Sunday, October 31, 2010

DAY 27 – Face Your Food: It Will Change Your Life

I’ve been talking with patients about the joys and the dangers of food for about 24 years, since I first saw the light.

My family, guided by my Mom, ate “healthy” food. We ate whole wheat bread, brown sugar, and only had boxed, sugar-coated, commercial cereals for dessert or for a special occasion. We ate cauliflower, asparagus, and eggplant.

Even with “healthy” food, I still had health problems from childhood through age 35. I consistently needed 10-12 hours of sleep, but awoke tired each day. My skin was dry and rough. Serious low back problems began by age 10, and resulted in severe damage to discs and bone in my low back, as shown on magnetic resonance imaging (MRI). By 15 I developed large tear marks (inform yourself at on the skin in my groin and arm pits. An ulcer was diagnosed by age 16 and I lived on antacids for the next 24 years. At 20 my first complete rupture and surgical repair of one of my Achilles tendons occurred.

While I was young, and falling apart, it never crossed my mind that food could be a cause of my ills, because what I ate was “healthy”. Not one of the dozen or more medical doctors that saw me for my many illnesses and injuries, ever suggested nor even hinted at the possibility that food could be playing a role in my ill health.

By age 35, still taking antacids daily, I began to recognize that when I ate certain foods, I would feel worse the next day; gut pain, intestinal gas, tiredness, and generally achy. Not one to quickly move to stop eating foods that I liked, and that were a part of our family routine, I continued the experiment and time and again found that I felt worse after eating certain foods.

Finally one day, sick and tired of being sick and tired, I told my wife that I was going to temporarily stop eating dairy products, and stop eating foods that were made by others and that might contain ingredients that would harm me. I told her that I would not be eating in restaurants nor simply politely eating what I might be served at a friend’s house. There was a brief pause, and then she said “You are ruining my life!”

I share with you what my wife said to give clarity to how upsetting making dietary change can be. It was no more than minutes, or maybe an hour until she told me that she did not mean what she had said and that she would happily work with me to make sure that I could feel well.

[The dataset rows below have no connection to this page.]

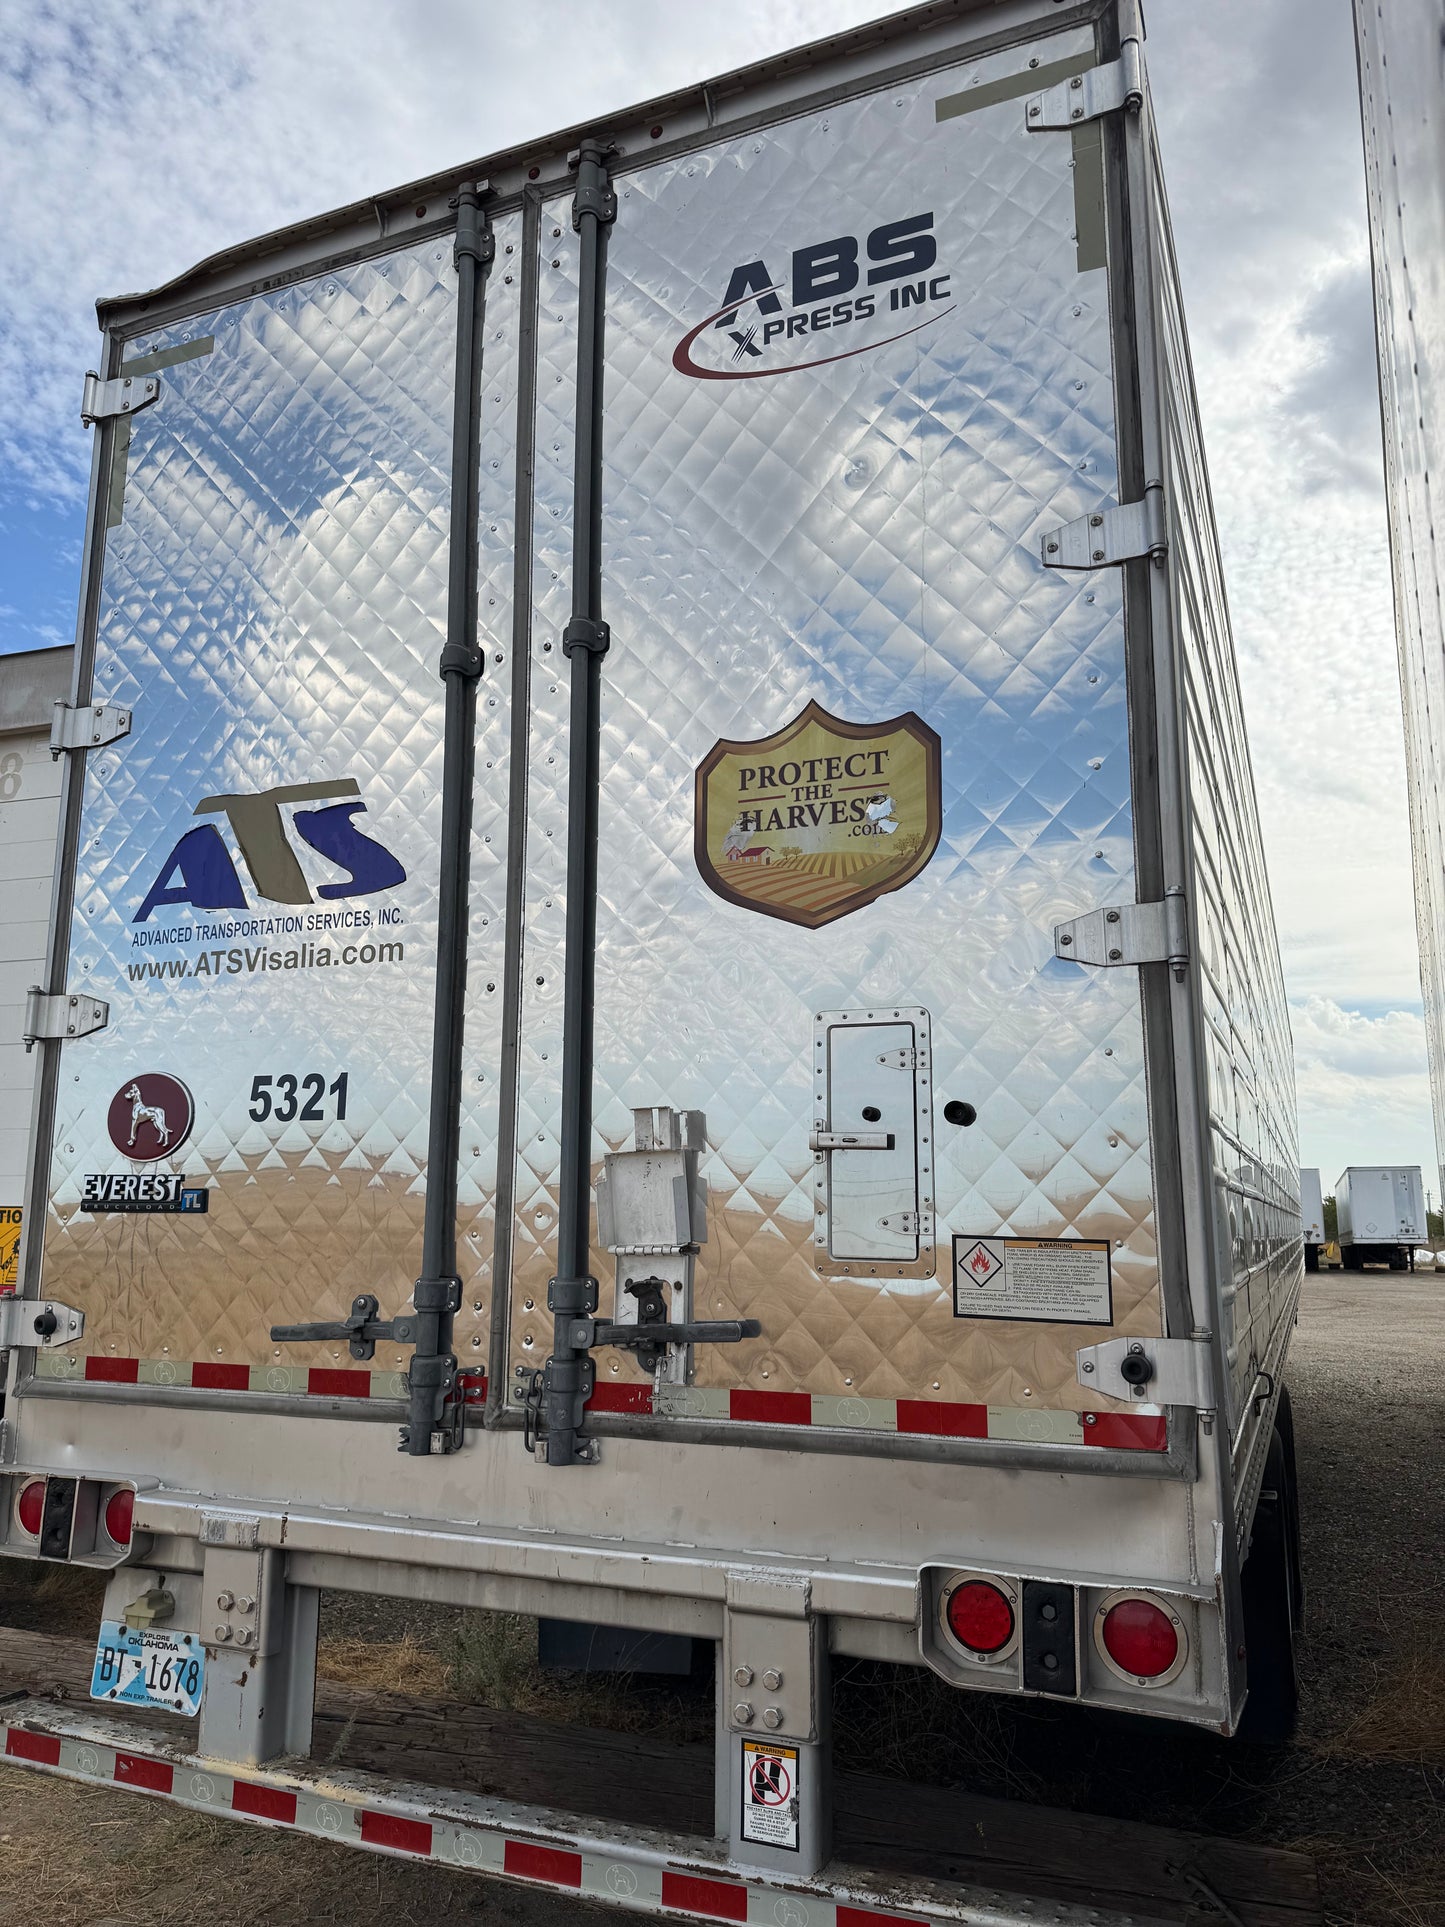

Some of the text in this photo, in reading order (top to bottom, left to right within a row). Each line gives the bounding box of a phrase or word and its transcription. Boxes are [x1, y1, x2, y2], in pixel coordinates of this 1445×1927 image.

[714, 211, 937, 329] ABS
[728, 274, 951, 365] XPRESS INC
[738, 750, 889, 792] PROTECT
[740, 793, 888, 832] HARVES
[791, 784, 833, 803] THE
[132, 778, 406, 923] ATS
[131, 907, 404, 948] ADVANCED TRANSPORTATION SERVICES, INC.
[128, 941, 404, 982] www.ATSVisalia.com
[249, 1072, 349, 1123] 5321
[82, 1175, 181, 1201] EVEREST
[184, 1193, 200, 1208] TL
[128, 1637, 179, 1652] OKLAHOMA
[139, 1632, 170, 1641] EXPLORE
[100, 1646, 199, 1696] BT 1678
[760, 1746, 786, 1756] WARNING

Finally, it dawned on me that there is no such thing as a “healthy” food. Peanuts can be a “healthy” food for some people. It is clear that for others they can be deadly. Though not usually to the point of being lethal, dairy products, wheat, eggs, corn, and soy are examples of common foods that can cause illness, often serious, in many individuals.

Before long, I understood that what is most important is not whether a food is generally “healthy”, but whether it is “healthy” for an individual.

As a part of my dietary change in 1986, I stopped eating all dairy products. I started feeling better generally, and my gut felt better. I also felt a bit foolish. Why during all those years of gut pain and antacids, did I not consider that possibly my gut was being affected by what I was putting into it? And, why did not one medical doctor suggest it during the 19 years that I had been unwell?

I stopped all dairy in 1986, and have been off it ever since. It has clearly been one of the most profound factors in regaining and maintaining my health.

Not only did my gut and my general wellbeing improve, but my severe low back pain went away too. Remind me to tell you the rest of the story.